Lightning is a technology built on top of bitcoin that enables “lightning-fast” Bitcoin payments without worrying about Bitcoin’s slow transaction speed. Let’s have an analogy from traditional bank solutions: the interbank backbone network is secure but clumsy like Bitcoin, but fast and user-friendly services such as credit cards have been built on top of this core network.
Being stuck with first-generation crypto technology might be a long-term threat for Bitcoin.
- As a blockchain technology, Bitcoin is simply not very competitive
- New glued-on features can hardly fully compensate for the fundamental deficiencies of the base layer
- Fixing the lacking energy efficiency with bolt-on solutions is not likely to be successful and the current wasteful electricity usage increasingly dampens the interest of climate-conscious users to participate in the Bitcoin fever.
But for now – with plentiful loose money around – the critical mass of speculative investors is producing record high Bitcoin values.
2. Ethereum (ETH), $205B
The second-most valuable crypto, backed by the largest number of developers and with the most applications. Computer scientist, lawyer, and cryptographer Nick Szabo published a white paper establishing Ethereum in 2013 and the project was started as an ICO in 2014. This is an example of a successful ICO project with thorough background work. (A typical ICO project documentation could charitably be described as “a quick doodle on a napkin after a long lunch”.)

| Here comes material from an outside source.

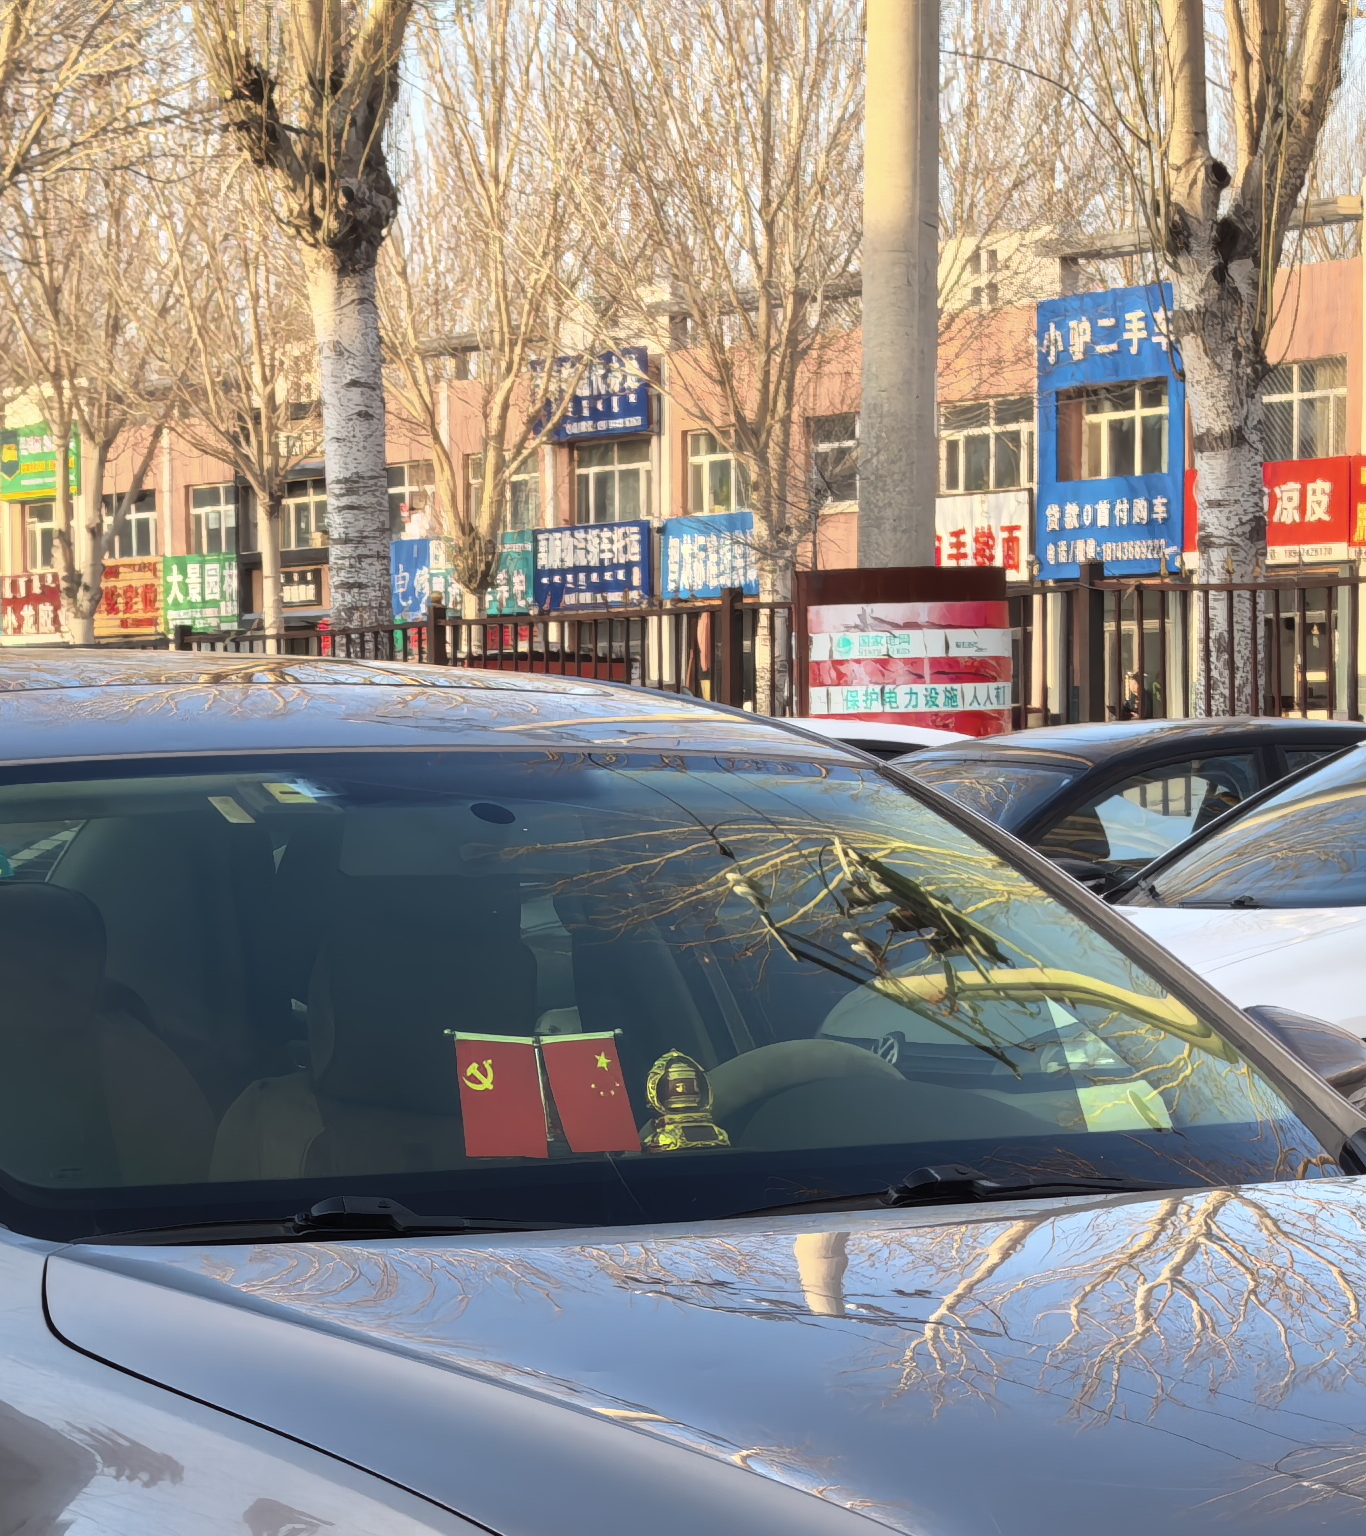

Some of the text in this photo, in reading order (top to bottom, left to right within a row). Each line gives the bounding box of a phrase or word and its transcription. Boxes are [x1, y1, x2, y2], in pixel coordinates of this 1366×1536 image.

Ethereum is often called a second-generation cryptocurrency. The most significant technical difference to Bitcoin is its versatile programmability. Ethereum is truly the workhorse of blockchain technologies: for instance, 87% of the 5727 ICOs were implemented on Ethereum (there is nothing wrong with the blockchain technology of Ethereum; the problem with the failed ICOs was in their substance – or, to be more precise, the lack thereof). The applications described in the next installment of this blog are based on Ethereum.
There are already third-generation blockchain solutions on the market that are in some respects clearly more advanced and efficient than Ethereum. With the ongoing technology upgrade, Ethereum is expected to catch up with the competition. And unlike in Bitcoin, the changes and fixes are made directly into the core blockchain technology, i.e. Base Layer level. The upgrade, called Ethereum 2.0 is, however, a very challenging project and it remains to be seen whether it can be completed without major setbacks and on schedule during 2020–2023.
3. Tether (USDT), $39B
Tether is the most transacted cryptocurrency with an average daily transaction volume of nearly 100 billion US dollars (nearly 60% higher than Bitcoin which comes in second).

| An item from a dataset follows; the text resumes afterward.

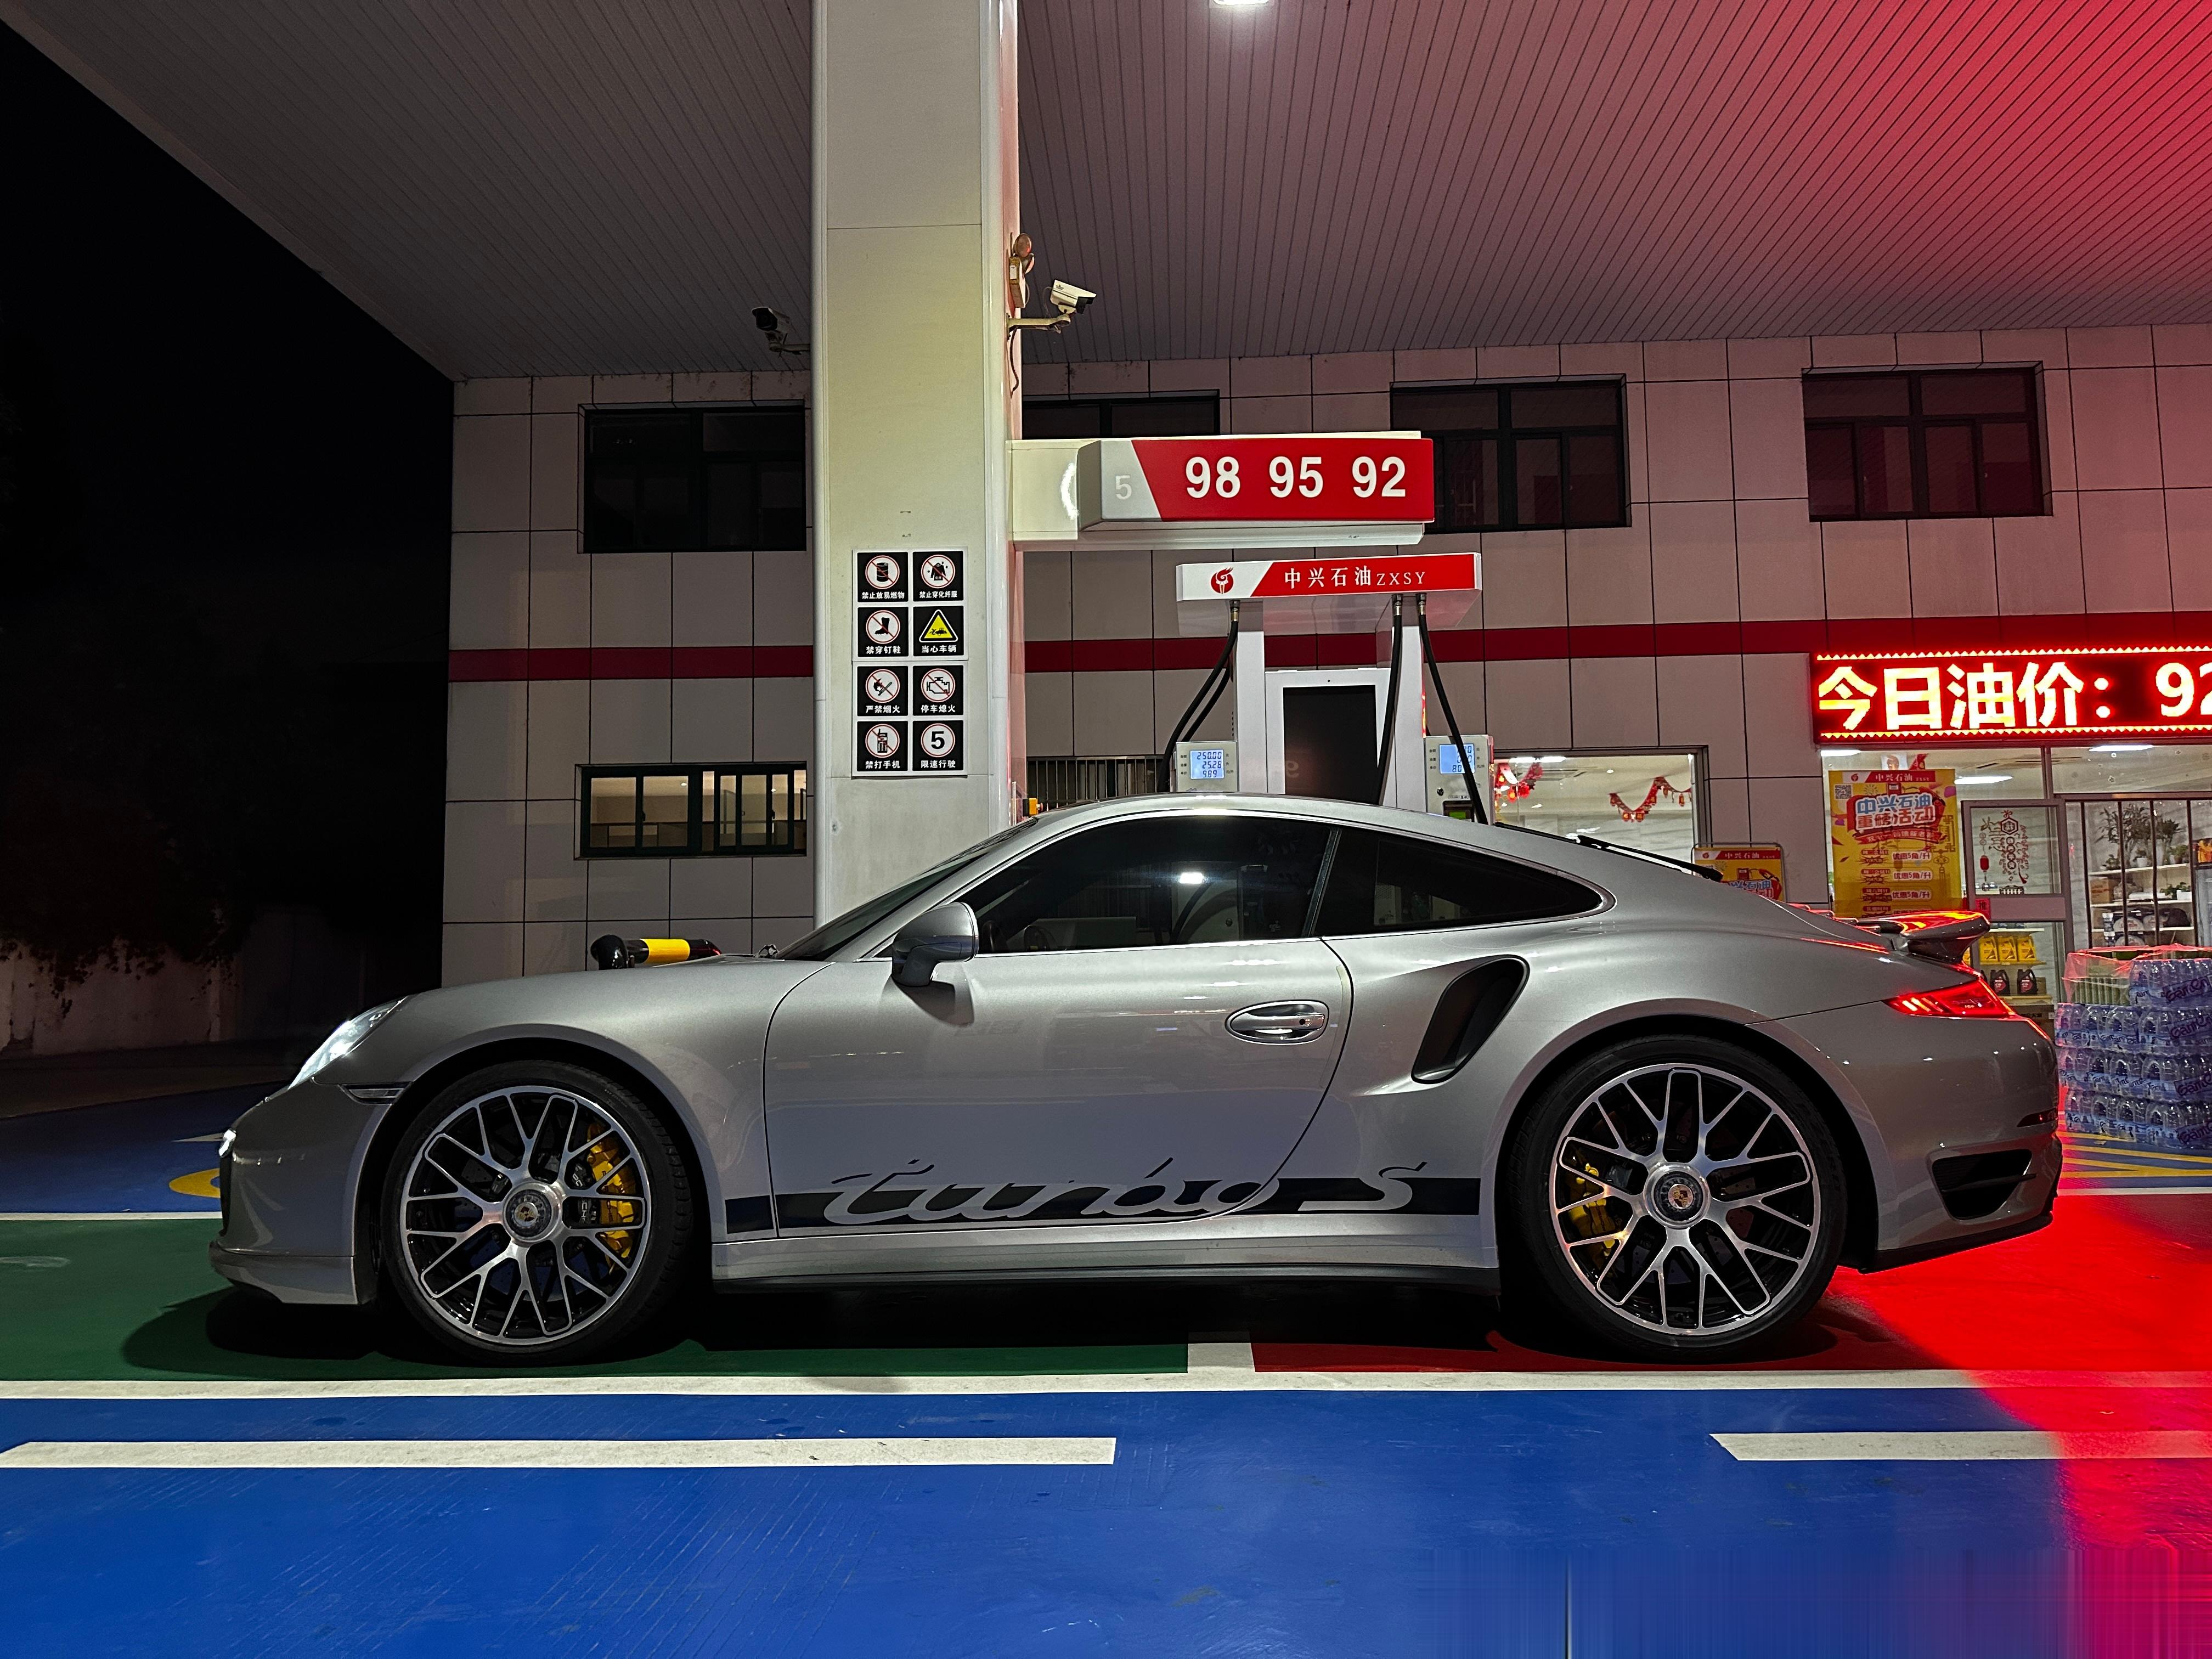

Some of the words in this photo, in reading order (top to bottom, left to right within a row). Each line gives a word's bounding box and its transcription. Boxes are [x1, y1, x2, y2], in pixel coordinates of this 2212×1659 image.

Tether is called a stablecoin because it was originally designed to always be worth $1.00, maintaining $1.00 in reserves for each tether issued. Nevertheless, Tether Limited states that owners of tethers have no contractual right, other legal claims, or guarantee that tethers will be redeemed or exchanged for dollars. On 30 April 2019 Tether Limited’s lawyer claimed that each tether was backed by only $0.74 in cash and cash equivalents.
The most significant difference to Bitcoin is the promise of a 1:1 exchange rate to the US dollar. This coupling of currencies seems to work at least in minor economic crises: Tether value stayed quite steady when the Covid-19 hit the market.
4. Ripple (XPR), $22B
Ripple is created by Ripple Labs Inc., a US-based technology company.
It is a real-time gross settlement system, currency exchange, and remittance network offering: “secure, instantly and nearly free global financial transactions of any size”. By 2018, over 100 banks had signed up, but most of them were only using Ripple’s XCurrent messaging technology while avoiding the XRP cryptocurrency due to its volatility problems. A Ripple executive acknowledged in 2018 that “We started out with your classic blockchain, which we love. But the feedback from the banks is you can’t put the whole world on a blockchain.”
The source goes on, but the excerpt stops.